Hide & Seek 2.0 reimplements the classic hide-and-seek multi-agent reinforcement-learning environment end-to-end on the GPU using JAX — environment physics, observation generation, and learning all live inside a single jax.jit/jax.lax.scan graph with zero host↔device copies in the training loop (the PureJaxRL / JaxMARL philosophy). On top of a faithful recreation it adds a layer of new mechanics — variable mass & cooperative physics, sensory decoys, fog of war, destructible walls & doors, and stamina — designed to provoke richer emergent tool use, deception, and teamwork. This repository is a research scaffold: it is engineered to be correct, importable, and faithful to current JAX idioms, and to train fast on a single accelerator. Performance figures quoted below are design targets, not measured benchmarks.

Gallery

The first three are stylised key art; the last is the actual in-browser viewer. ▶ Try it live — no install.

What's new in 2.0

Variable mass & cooperative physics. Boxes come in light and heavy variants; a heavy box only moves when several agents push it together with enough combined force — forcing genuine cooperation rather than solo carrying.
Decoys & sensory manipulation. A new decoy entity emits spoofed noise and mimics another entity's signature in the local (decentralized) observation, so opponents cannot tell a decoy from the real thing. Deception becomes a first-class strategy.
Fog of war & dynamic lighting. GPU ray-casting computes line-of-sight, lidar, and a vision cone; fog patches attenuate sensing range for rays that pass through them, creating partial observability the agents must reason around.
Destructible walls & doors. Fragile walls break under high-speed ramming and doors open after sustained contact, turning the arena layout itself into something agents can reshape into chokepoints or escape routes.
Stamina. Sprinting and moving heavy objects drain a per-agent stamina budget that regenerates while idle, adding a resource-management dimension to chases and constructions.

Watch it — 3D viewer

Try it live in your browser (no install): https://gefaa.github.io/hide-and-seek-2/

Hide & Seek 2.0 ships with a clean, browser-based 3D replay viewer (Three.js, in the bright OpenAI Emergent Tool Use visual style) that plays back an episode as an interactive god-view scene — agents, boxes, ramps, walls, doors and decoys moving through the arena, with toggles for vision cones, fog of war, decoy reveal, trails and a follow-cam. It is fully decoupled from training: it reads only a self-contained trajectory JSON file (the contract in viz/schema.py), so you can record on a GPU and watch on a laptop. No build step, nothing to npm install.

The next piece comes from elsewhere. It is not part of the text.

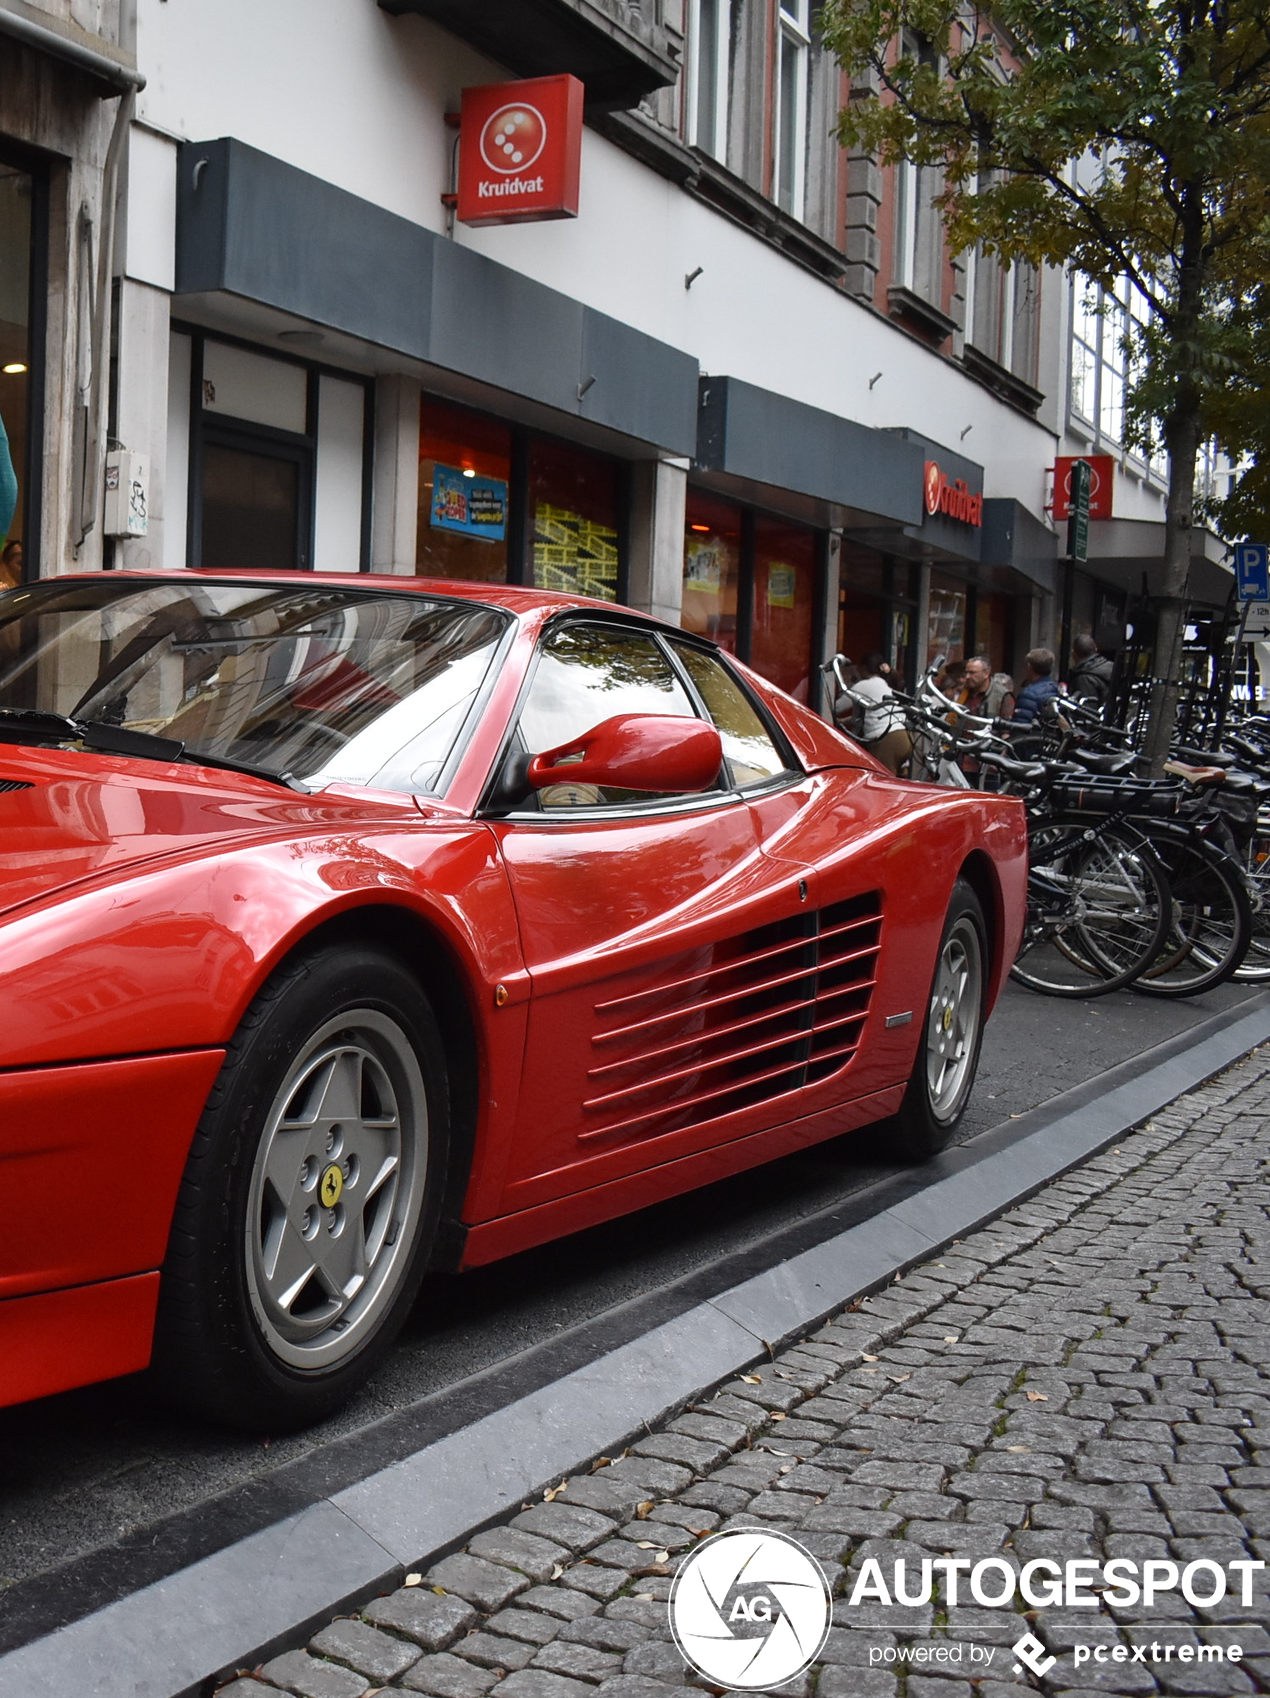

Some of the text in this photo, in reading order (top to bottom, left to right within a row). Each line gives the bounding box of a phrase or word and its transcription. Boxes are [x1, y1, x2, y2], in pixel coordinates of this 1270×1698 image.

[478, 176, 544, 198] Kruidvat
[1243, 549, 1260, 577] P
[1096, 810, 1124, 833] HOTELS

You don't need JAX, a GPU, or a trained policy for a first look — a pure-stdlib script writes a synthetic demo episode. From the repository root:

# 1. Generate the demo trajectory (pure stdlib — no jax/numpy needed)
python viz/make_demo_trajectory.py        # writes viz/web/trajectories/demo_trajectory.json

# 2. Serve viz/web on http://localhost:8000 (stdlib server, no deps)
python -m viz.serve

# 3. Open http://localhost:8000 in a browser
#    (must be http://, NOT file:// — the page uses ES modules)

Or via the Makefile: make demo then make viz. To record a real rollout after a JAX run, use viz/recorder.py. Full guide, controls and the palette legend: viz/README.md.

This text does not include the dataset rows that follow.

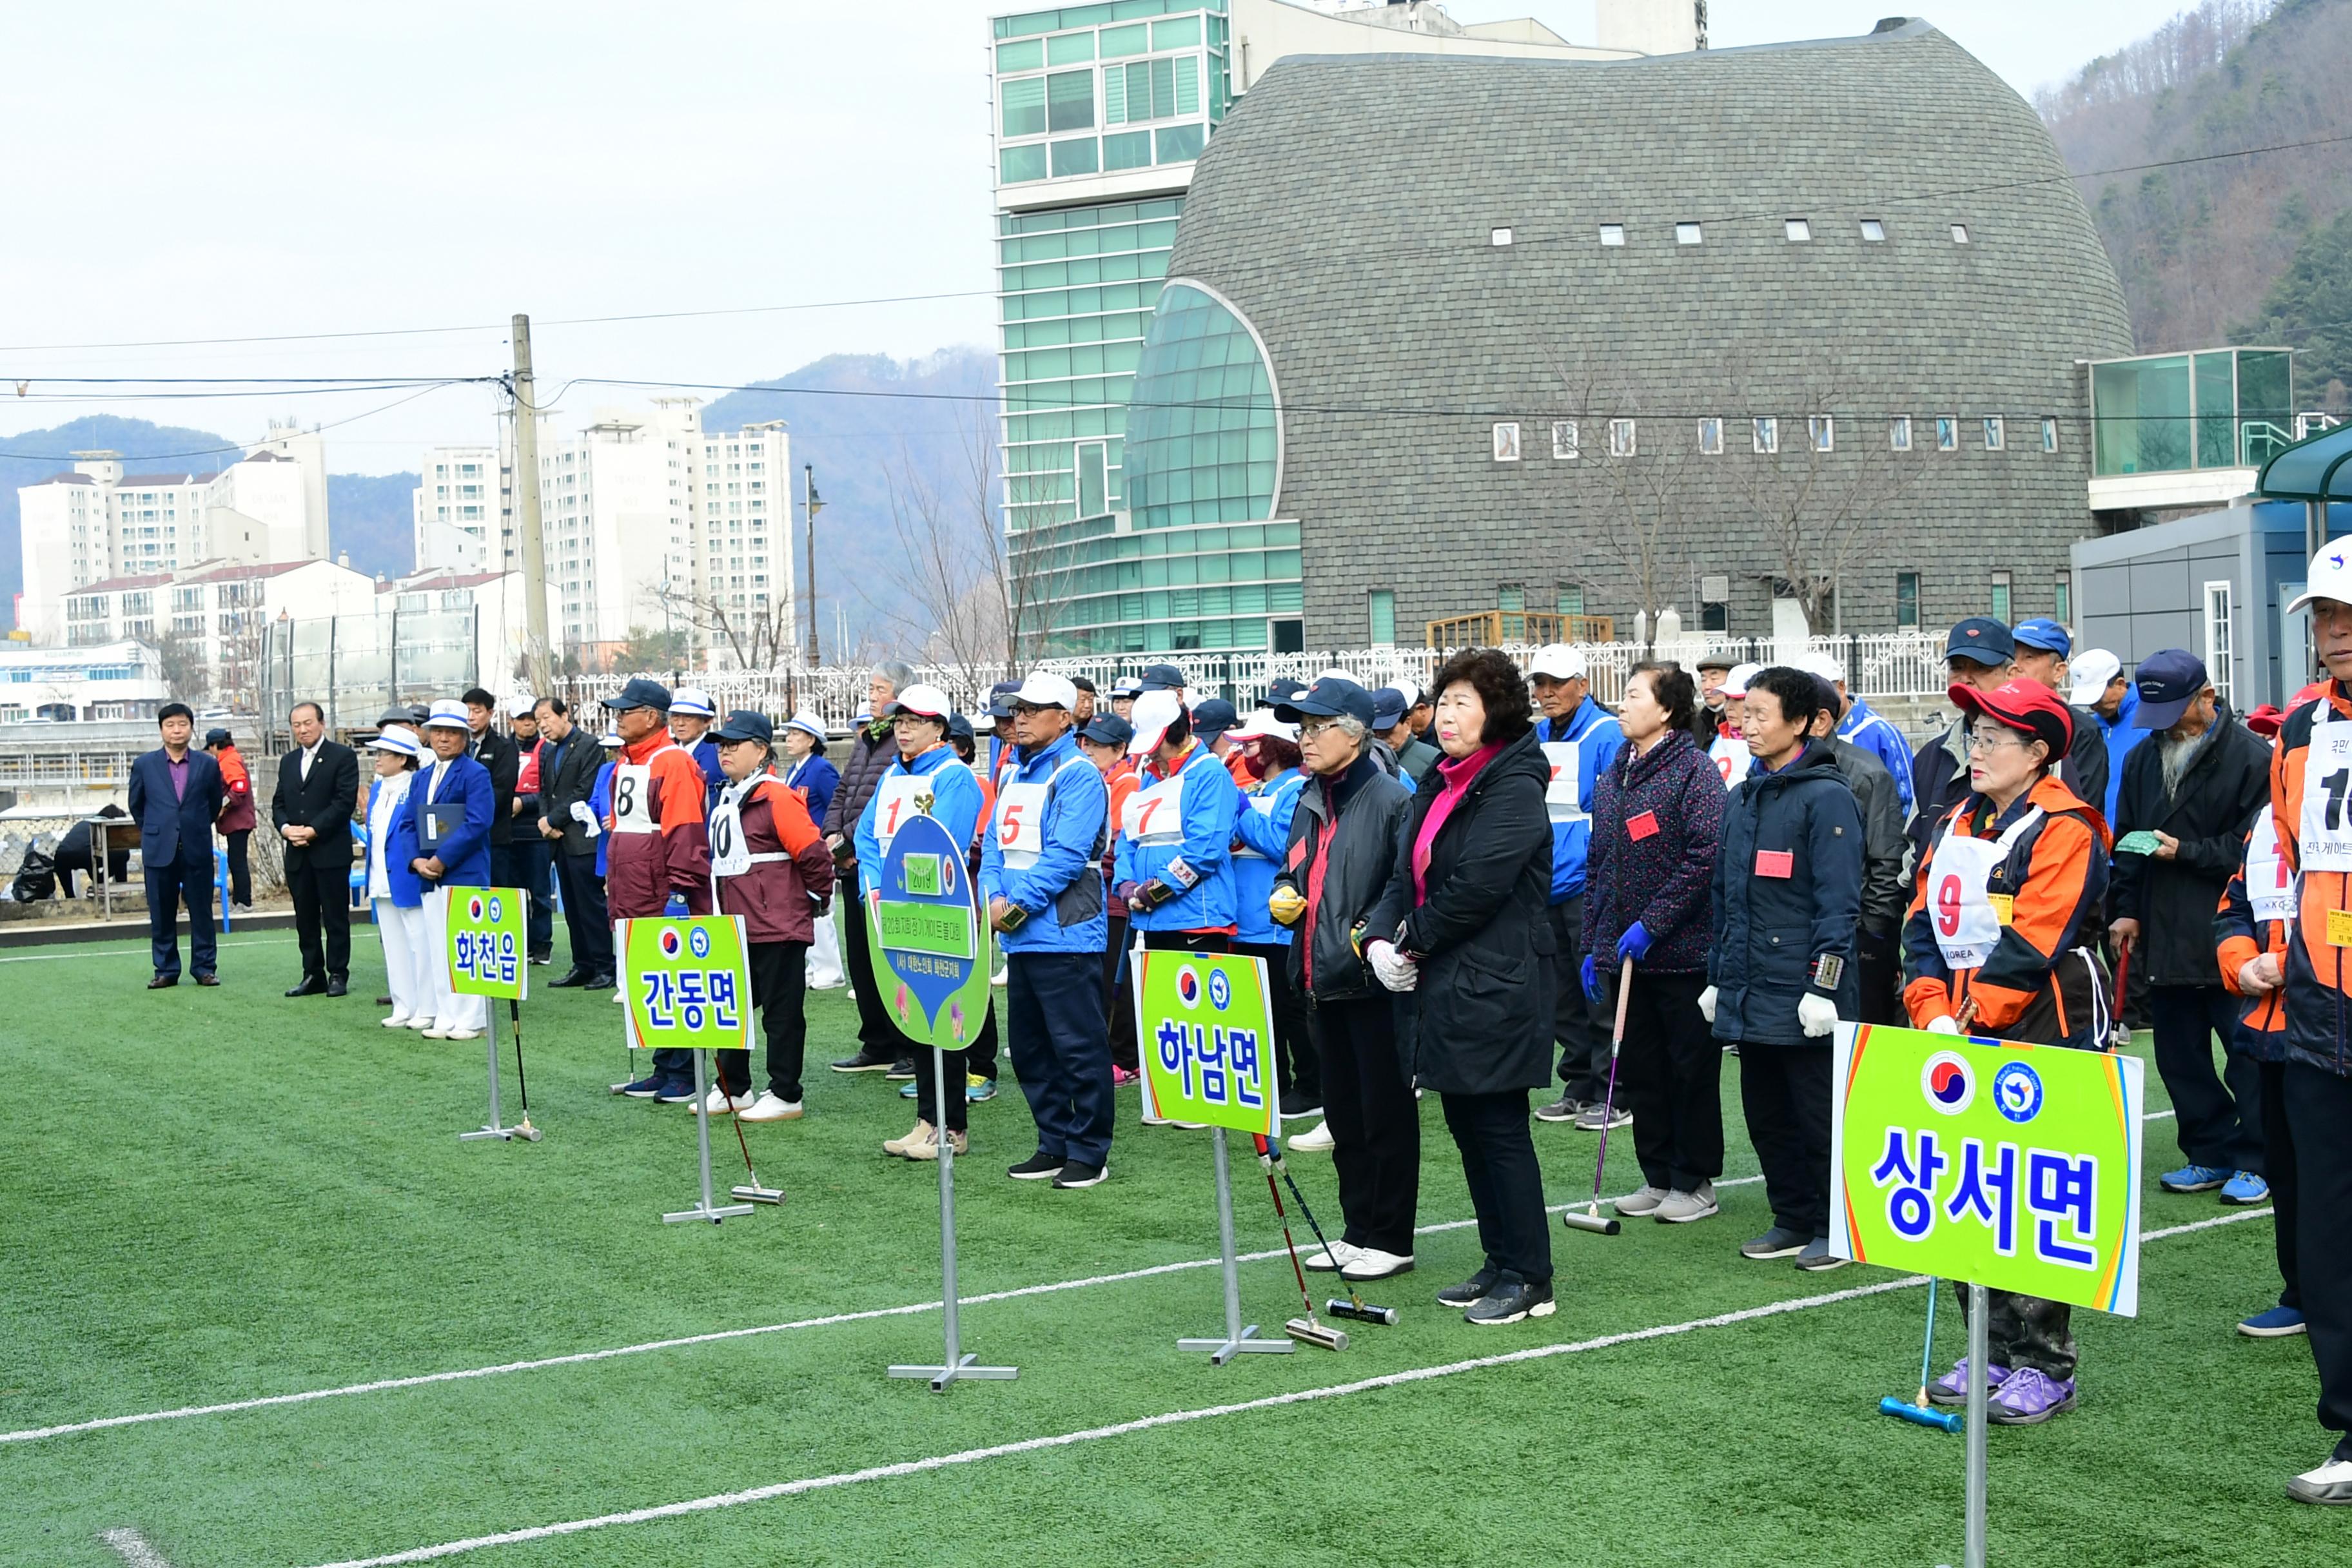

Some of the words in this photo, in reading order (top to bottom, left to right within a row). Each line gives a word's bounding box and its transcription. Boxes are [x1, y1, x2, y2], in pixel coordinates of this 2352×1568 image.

[618, 776, 636, 817] 8
[887, 797, 902, 834] 1
[2320, 768, 2352, 830] 1
[712, 814, 732, 859] 10
[1001, 805, 1024, 845] 5
[912, 866, 931, 888] 2019
[1937, 874, 1962, 937] 9
[457, 934, 517, 981] 화천읍
[643, 972, 738, 1030] 간동면
[1157, 1021, 1262, 1105] 하남면
[1873, 1132, 2093, 1266] 상서면

It actually learns (CPU self-play)

The full MAPPO/JAX stack targets a GPU — but the repo also ships a real, tiny self-play learner that runs on any CPU: learn/train.py. Two tabular Q-learning agents (a seeker and a hider) learn to play on a grid with walls and line-of-sight, purely by playing each other. It genuinely converges in seconds:

ep      0   seeker see-rate=0.11   hider evasion=0.90   (random policies)
ep   7500   seeker see-rate=0.70   hider evasion=0.99
ep  40000   seeker see-rate=0.42   hider evasion=0.99   (the hider won the arms race)

Both teams start at chance and climb far above it — that's the proof of real learning. Run it yourself: python -m learn.train. The Watch clips and the Learning-tab curve below are produced from this run by learn/export_viewer.py — measured, not scripted.

Train it live — in your browser

Don't want to take our word for it? The viewer's Train tab runs this exact learner live on the client — the same tabular Q-learning, ported to JS in viz/web/livetrain.js. Press ▶ Train and watch two agents go from random to skilled: a mini-match of the current policy plays on the left while the skill curve climbs on the right, in real time. No GPU, no server, nothing scripted — it's the real thing computing in the page. (The RL core is DOM-free and covered by a Node metric-climb gate.)

Watch the learned behaviour

The watch clips are rollouts of the trained policy (switch with the in-viewer scenario picker):

Scenario	What it shows
Trained seeker vs random hider	The seeker learned to hunt — it chases and corners a random hider and wins.
Trained hider vs random seeker	The hider learned to use the walls to break line-of-sight and evades.
Untrained (random vs random)	Before any learning — both agents just move at random.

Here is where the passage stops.